O escaravelho bombardeiro e o pulgão suicida.

O escaravelho bombardeiro africano, Stenaptinus insignis, armazena uma mistura de hidroquinonas e peróxido de hidrogénio e, quando ameaçado, excreta pequenas porções para uma câmara de reacção no abdómen. Aí, enzimas catalisam uma reacção violenta e o spray tóxico, quase a ferver, persuade o atacante a procurar o almoço noutro lado. Além disso o escaravelho consegue apontar a esguichadela para qualquer direcção orientando o canal de saída. Os criacionistas adoram estas coisas. O vídeo abaixo mostra o escaravelho em acção. Termina com o comentário típico que algo tão sofisticado teria de ser criado de uma só vez, e que era impossível o escaravelho sobreviver com um sistema parecido mas incompleto.
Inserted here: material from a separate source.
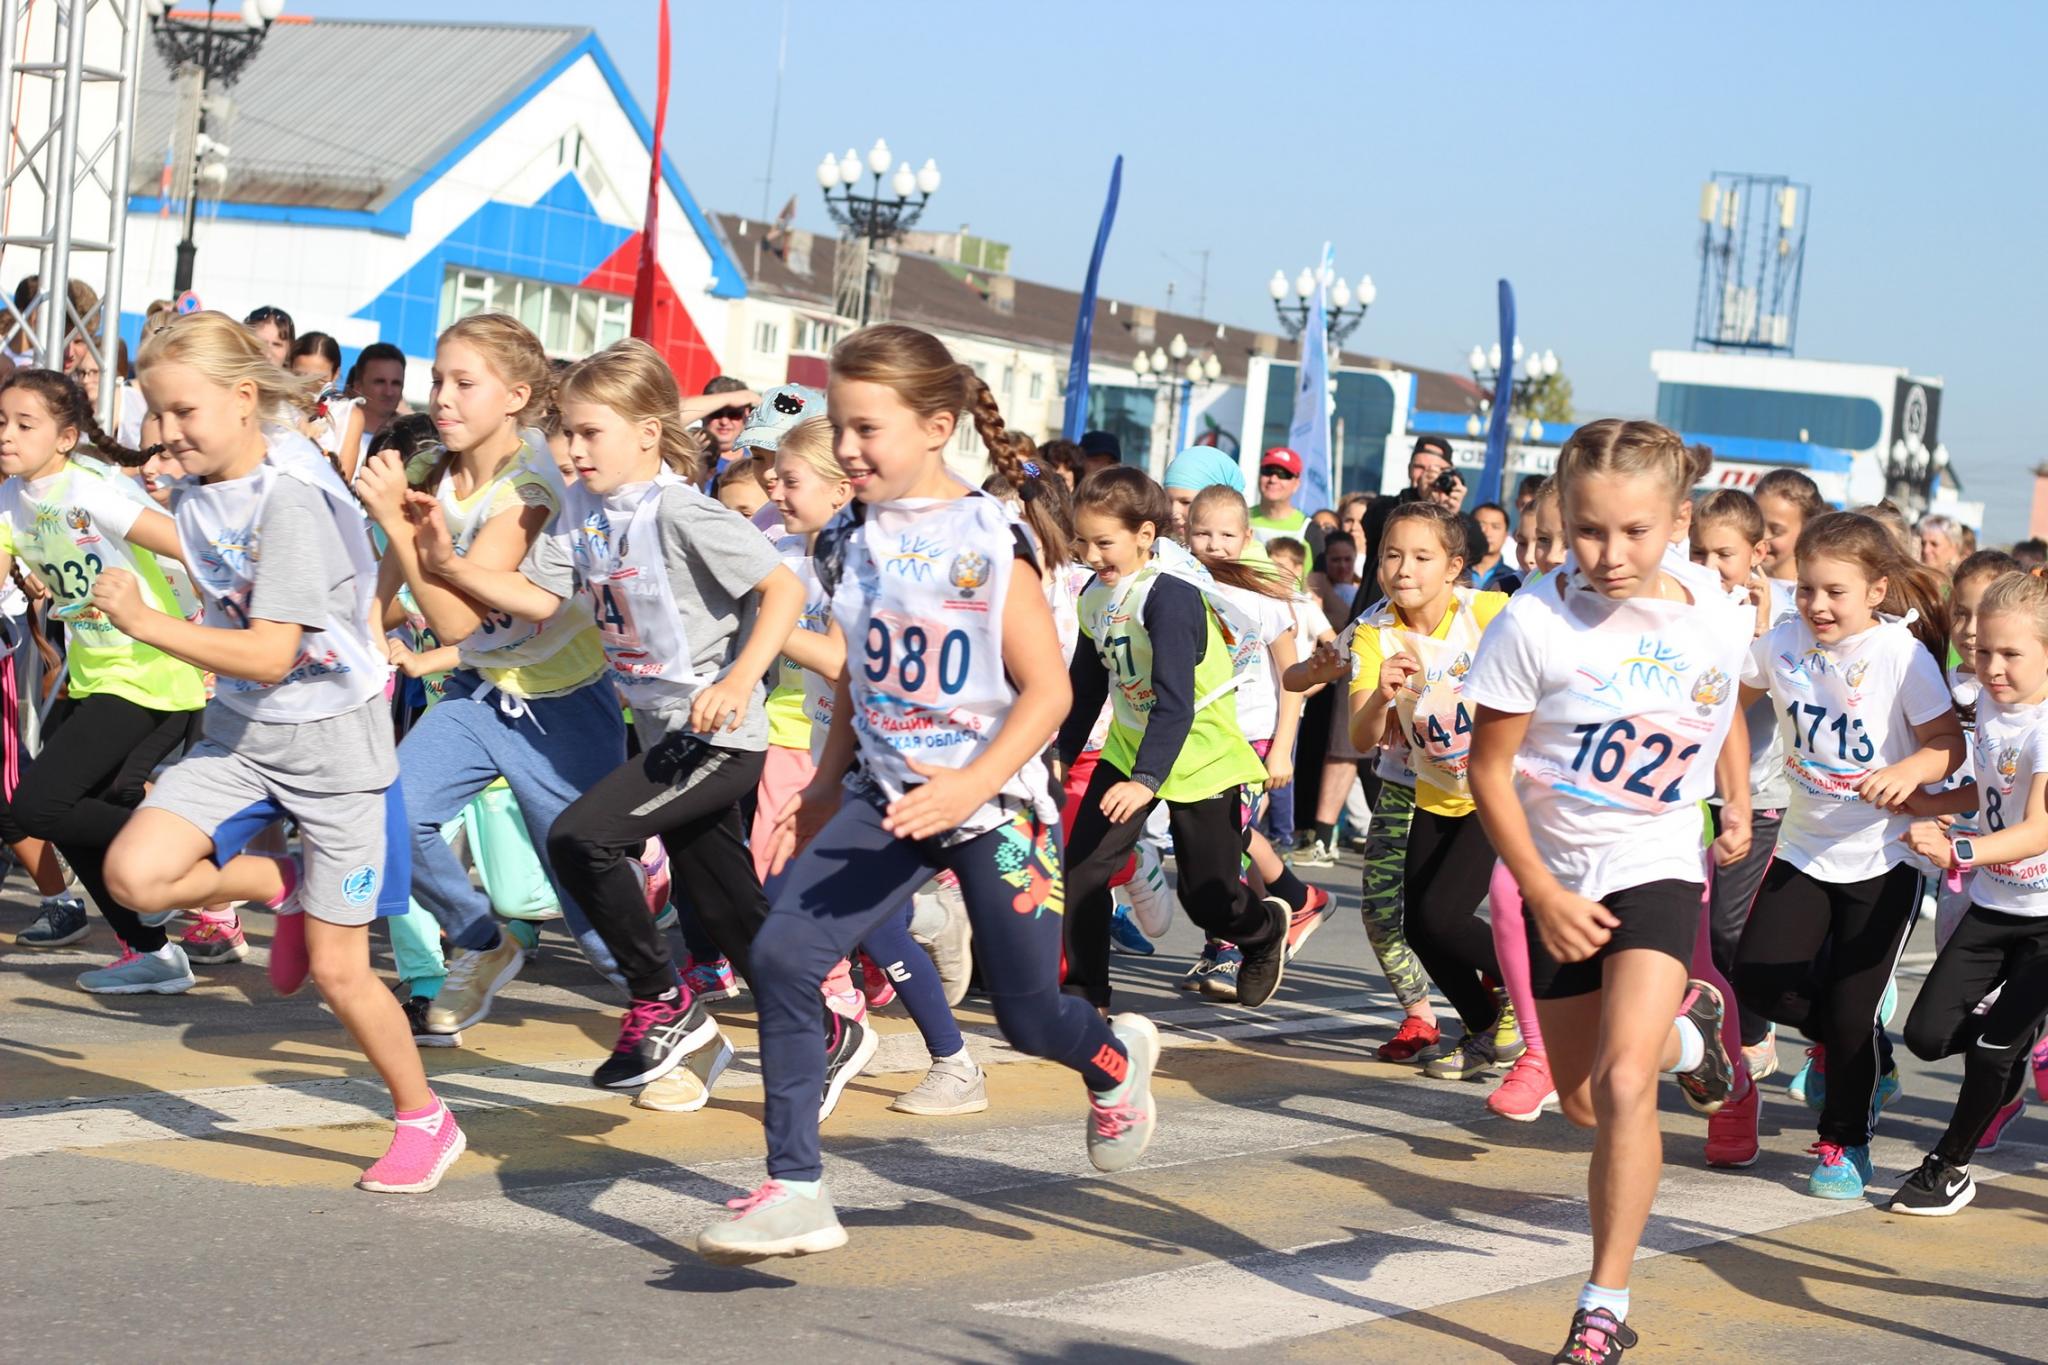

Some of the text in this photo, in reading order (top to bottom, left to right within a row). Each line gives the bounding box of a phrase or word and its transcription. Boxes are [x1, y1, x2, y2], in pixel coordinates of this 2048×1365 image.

O método criacionista é escolher um exemplo extremo, apresentá-lo como único na natureza e pedir que desliguemos o cérebro e nos prostremos a adorar o senhor deus deles. Mas a realidade é que há meio milhar de espécies de escaravelho com defesas semelhantes, em vários níveis de sofisticação. Alguns excretam uma espuma quente, outros uma névoa tóxica, outros juntam os reagentes fora do corpo em ranhuras nos élitros, e assim por diante. A enorme diversidade destas defesas, das mais simples às mais complexas, refuta a tese que uma coisa destas tem de ser criada de uma vez e segundo um plano exacto.
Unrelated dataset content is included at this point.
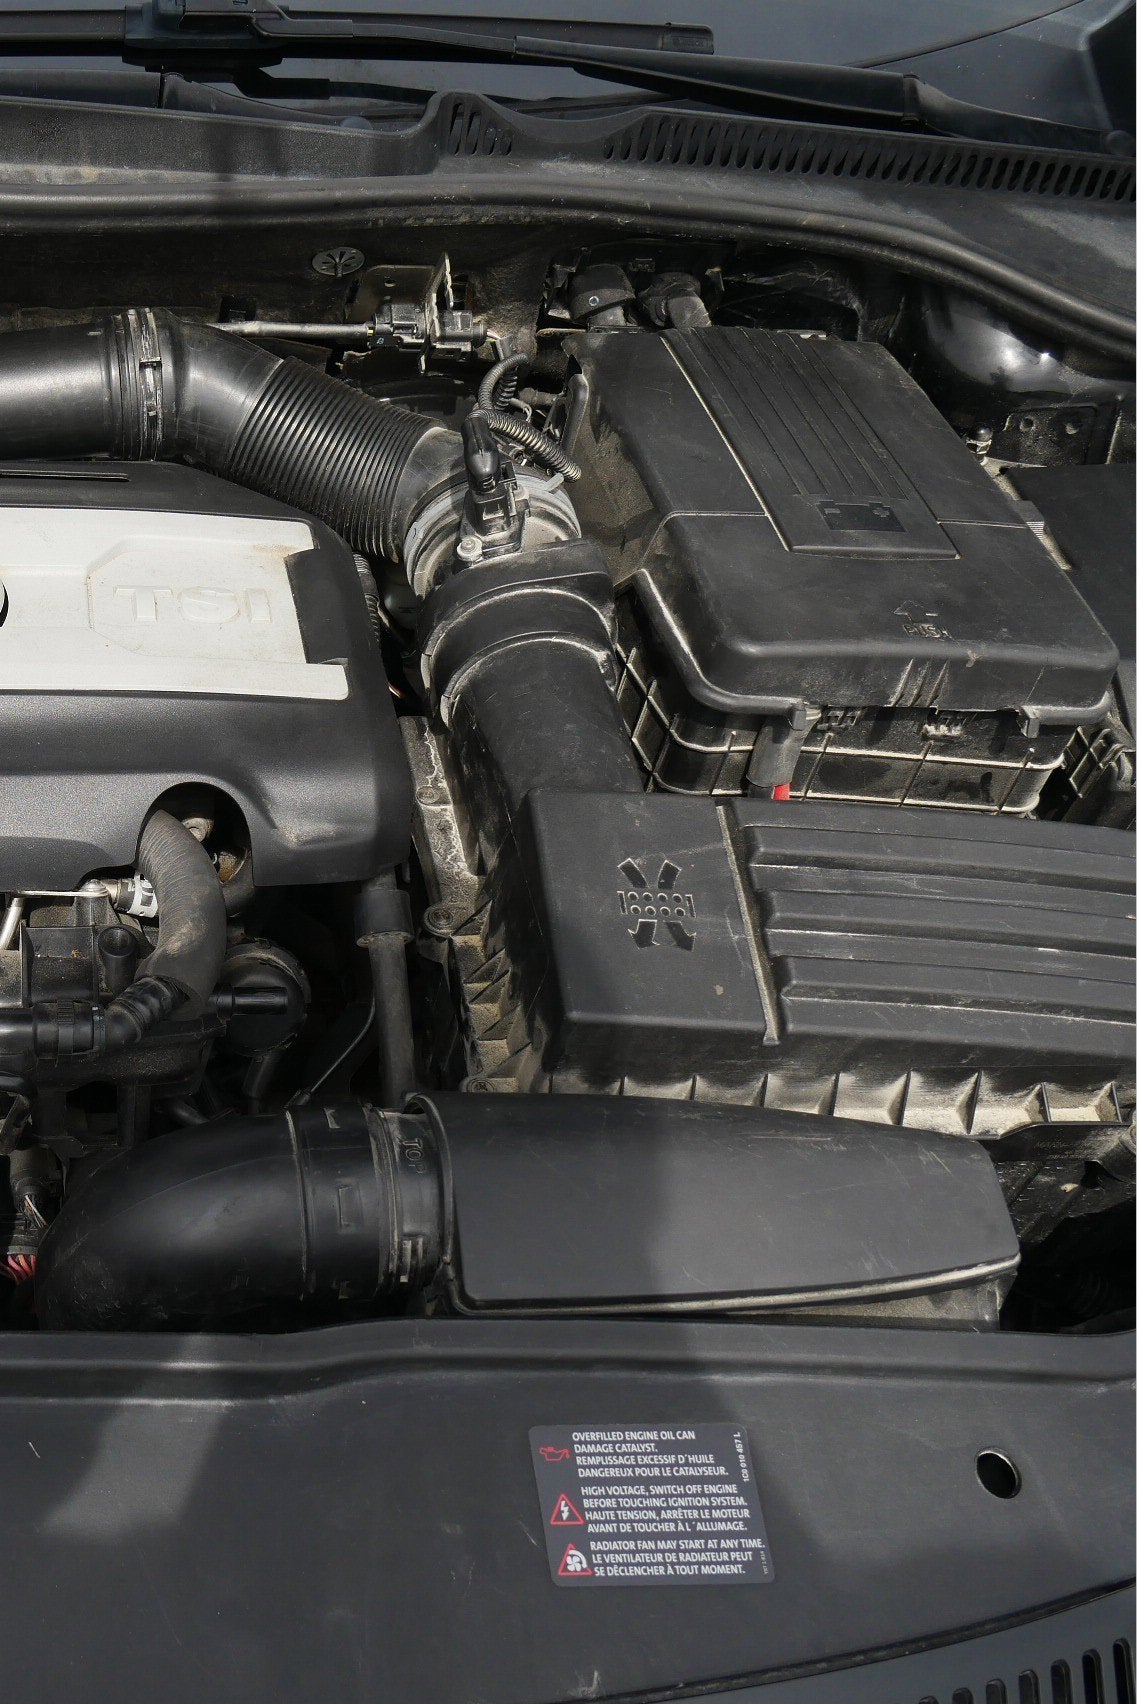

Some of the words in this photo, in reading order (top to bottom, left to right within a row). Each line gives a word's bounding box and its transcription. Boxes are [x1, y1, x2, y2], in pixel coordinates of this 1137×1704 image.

Os artrópodes segregam quinonas para endurecer a pele e muitos acumulam-nas porque a sua toxicidade os torna menos apetecíveis. Quando os predadores são resistentes às quinonas, uma reacção simples transforma-as em hidroquinonas. O peróxido de hidrogénio é também um produto comum do metabolismo celular, bem como as enzimas que o degradam em oxigénio e água. São estas enzimas que aceleram a oxidação das hidroquinonas pelo peróxido de hidrogénio. Milhares de espécies de insectos aproveitam várias combinações destes compostos e reacções para sua defesa. O escaravelho bombardeiro não é um problema para a evolução. Não é um caso isolado sem explicação. Com tantas combinações possíveis, até seria de estranhar que a evolução não tivesse encontrado algumas tão extraordinárias quanto esta.

O problema é para o criacionismo. Tem a difícil tarefa de explicar a necessidade desse deus criar um sistema de defesa tão sofisticado. Supostamente, na altura da criação não havia morte e o escaravelho não precisava de se defender. E explicar a origem de tantos sistemas de defesa nos insectos, tão diversos, dos mais rudimentares aos mais sofisticados. Se tudo isto resulta da corrupção dos insectos pelo pecado de Eva há imenso espaço para a evolução sem deuses. Um exemplo é o pulgão das couves, Brevicoryne brassicae.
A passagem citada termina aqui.